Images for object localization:
______________________________
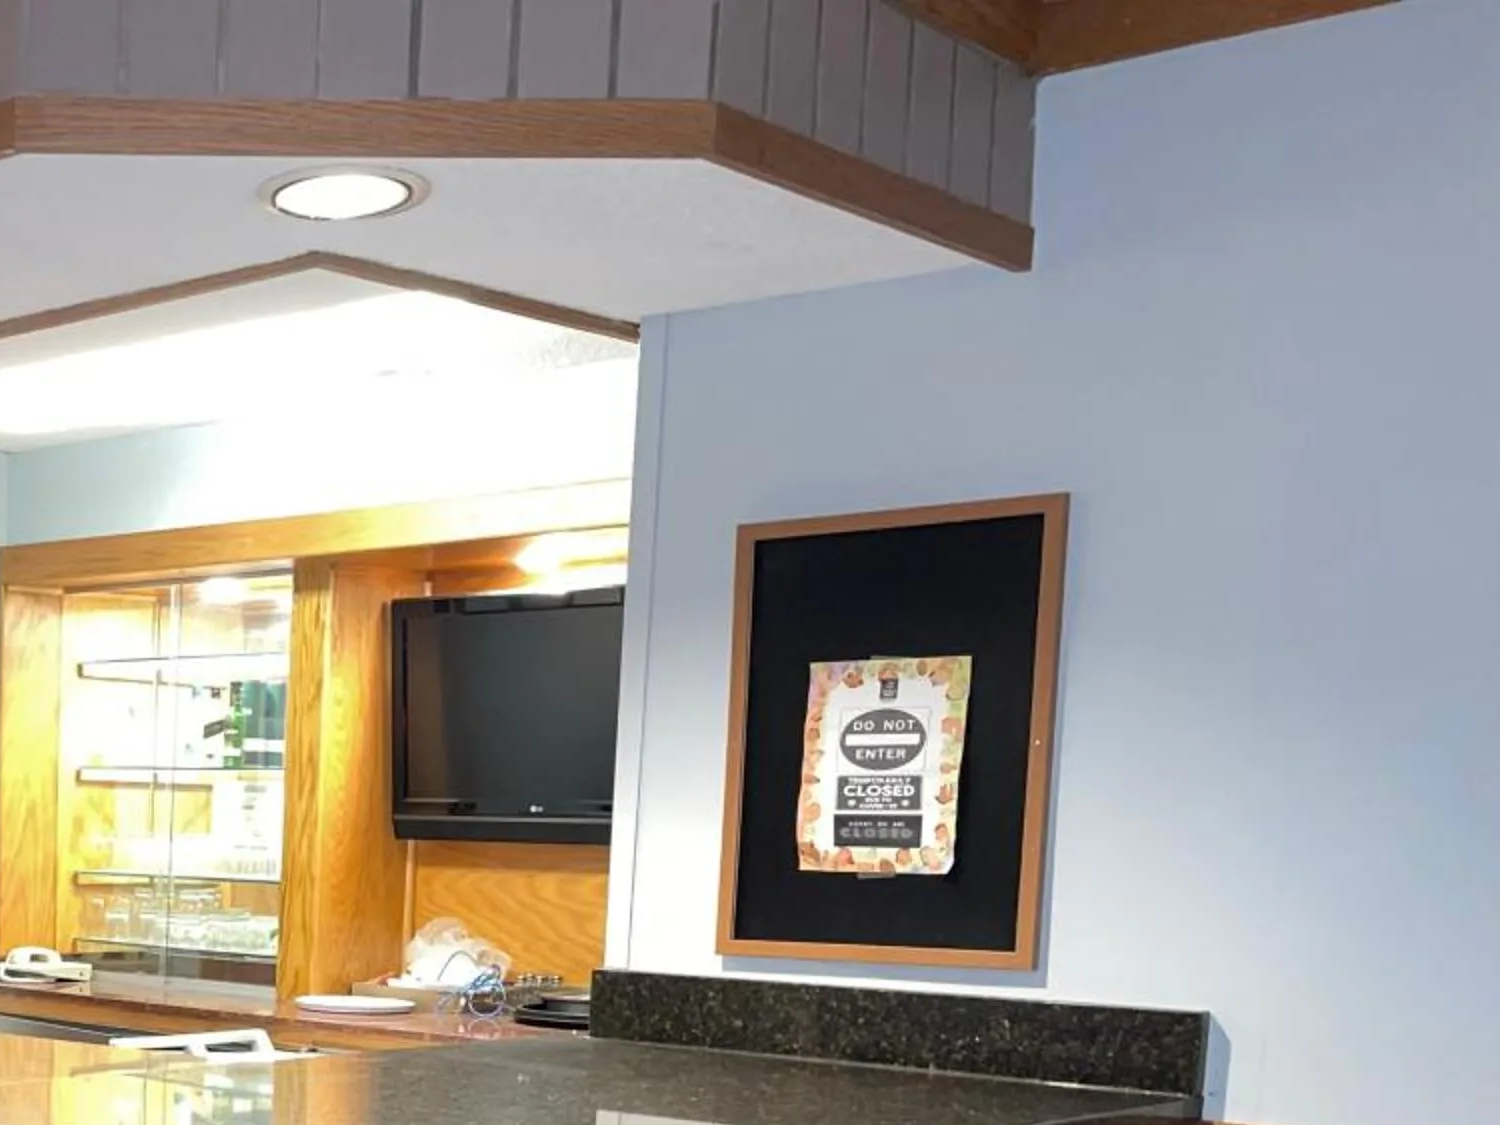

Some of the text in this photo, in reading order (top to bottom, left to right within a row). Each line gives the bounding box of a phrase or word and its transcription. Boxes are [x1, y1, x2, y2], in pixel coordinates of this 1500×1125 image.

[853, 719, 917, 732] DO NOT
[855, 747, 907, 760] ENTER
[843, 785, 915, 797] CLOSED
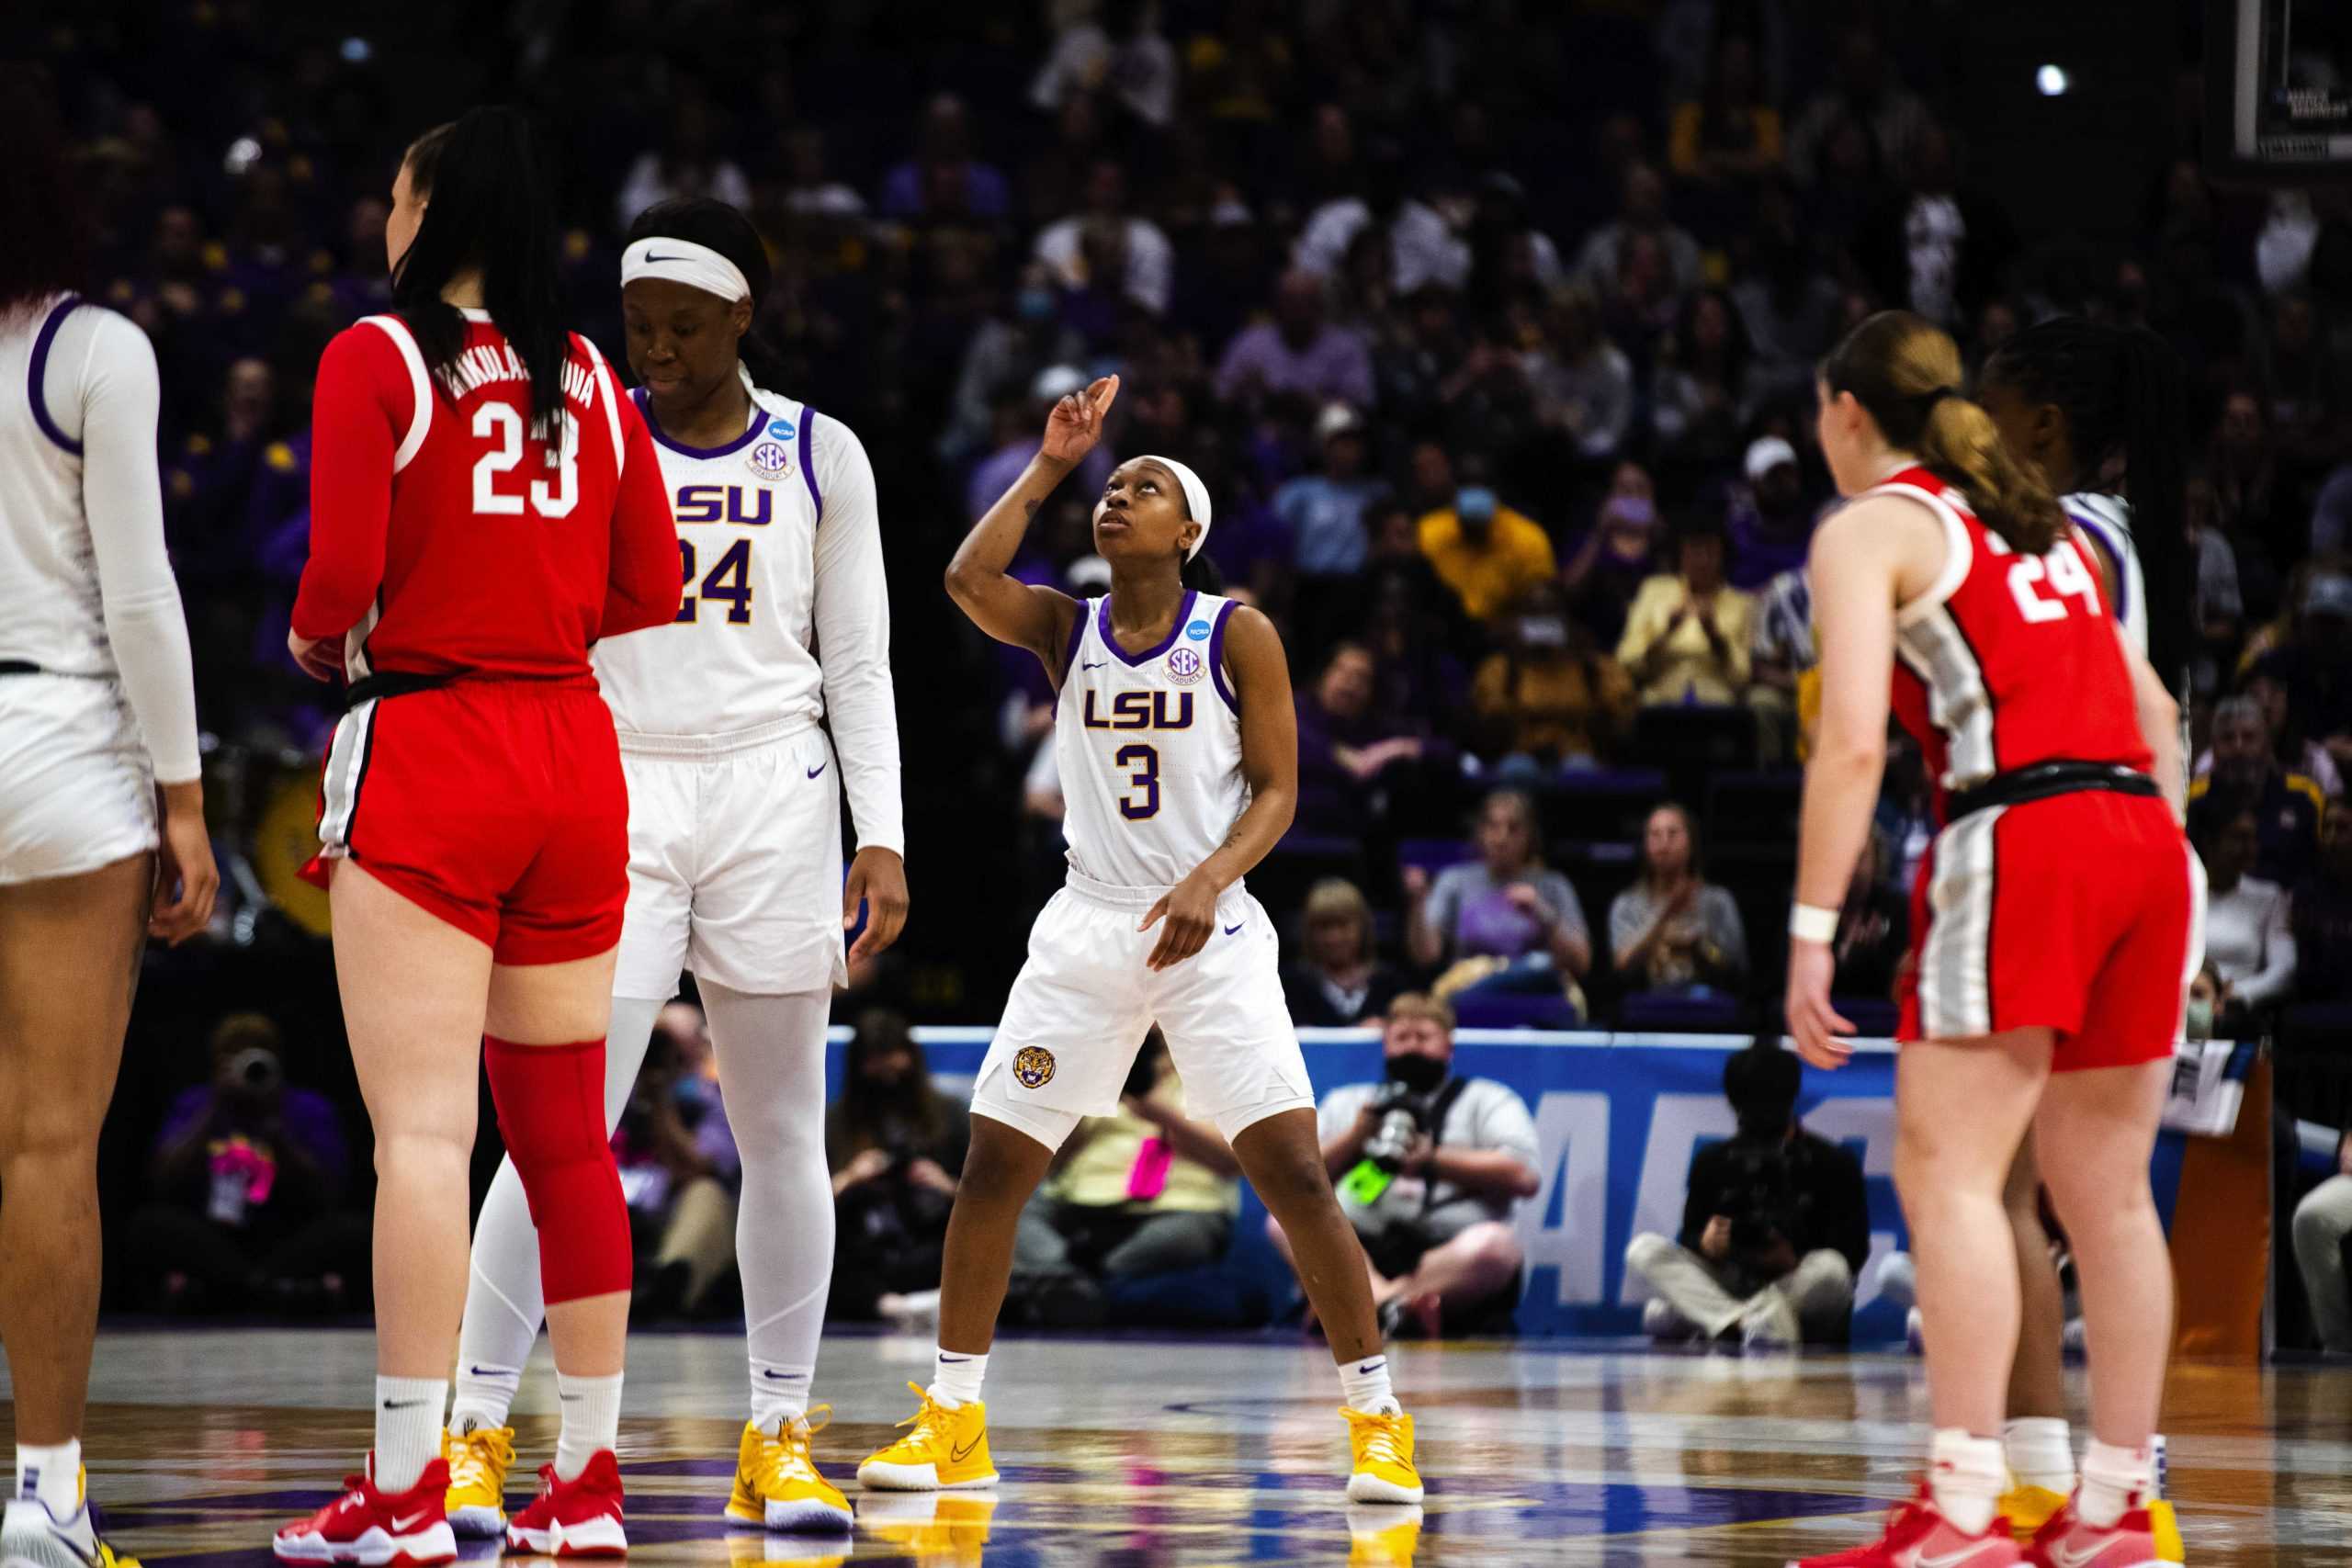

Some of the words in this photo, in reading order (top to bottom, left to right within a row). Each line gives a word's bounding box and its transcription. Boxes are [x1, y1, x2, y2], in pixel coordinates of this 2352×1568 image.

[471, 400, 580, 520] 23
[754, 444, 786, 470] SEC
[675, 484, 774, 526] SU
[2007, 535, 2103, 625] 24
[1170, 649, 1199, 676] SEC
[1084, 689, 1193, 730] LSU
[1115, 744, 1160, 821] 3
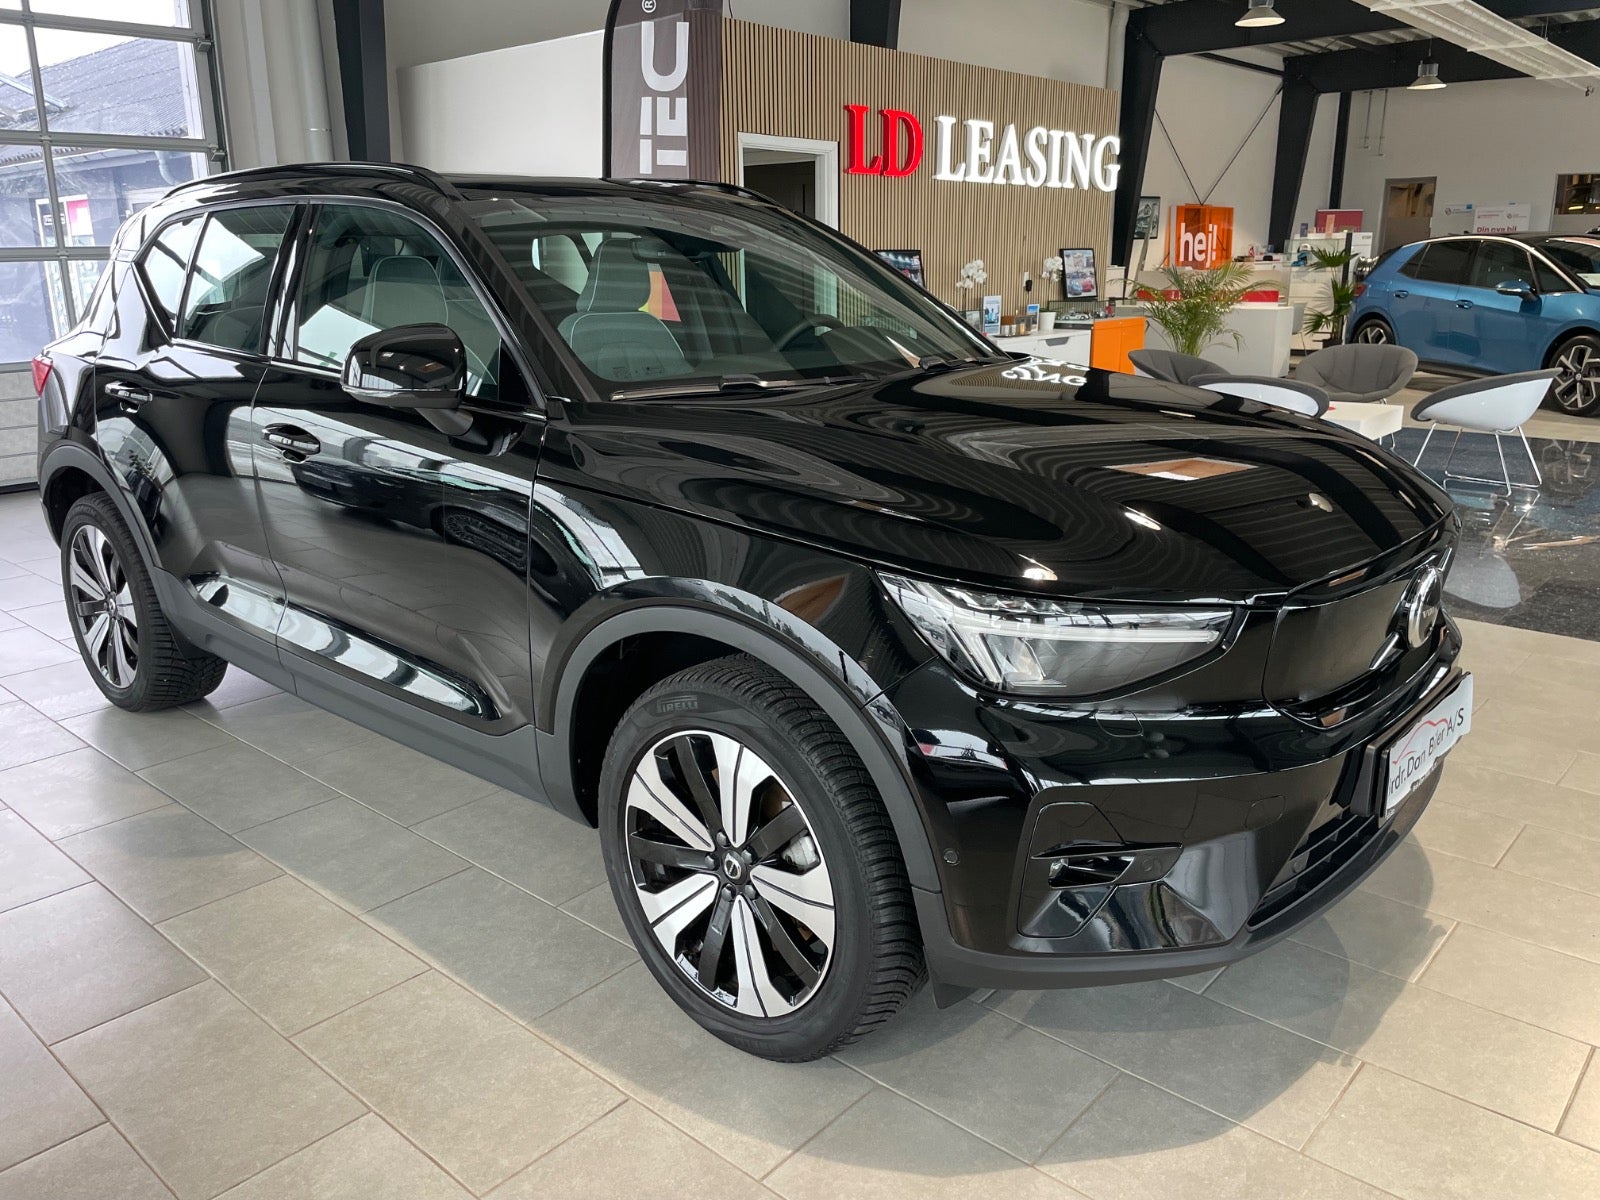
______________________________
Exactly as written, print each entry, leaving all pictures out.

Some of the text in this photo, in reading order (top to bottom, left to right within a row). Each line gives the bounding box of a phrase or word and its transcription. Boxes are [x1, y1, x2, y2], in pixel coordinates of this 1500×1125 image.

[853, 719, 917, 732] DO NOT
[855, 747, 907, 760] ENTER
[843, 785, 915, 797] CLOSED

Some of the words in this photo, in reading order (top to bottom, left to right within a row). Each line gives a word's bounding box and its transcription. Boxes are [x1, y1, x2, y2], in pixel coordinates of this 2352×1568 image.

[471, 400, 580, 520] 23
[754, 444, 786, 470] SEC
[675, 484, 774, 526] SU
[2007, 535, 2103, 625] 24
[1170, 649, 1199, 676] SEC
[1084, 689, 1193, 730] LSU
[1115, 744, 1160, 821] 3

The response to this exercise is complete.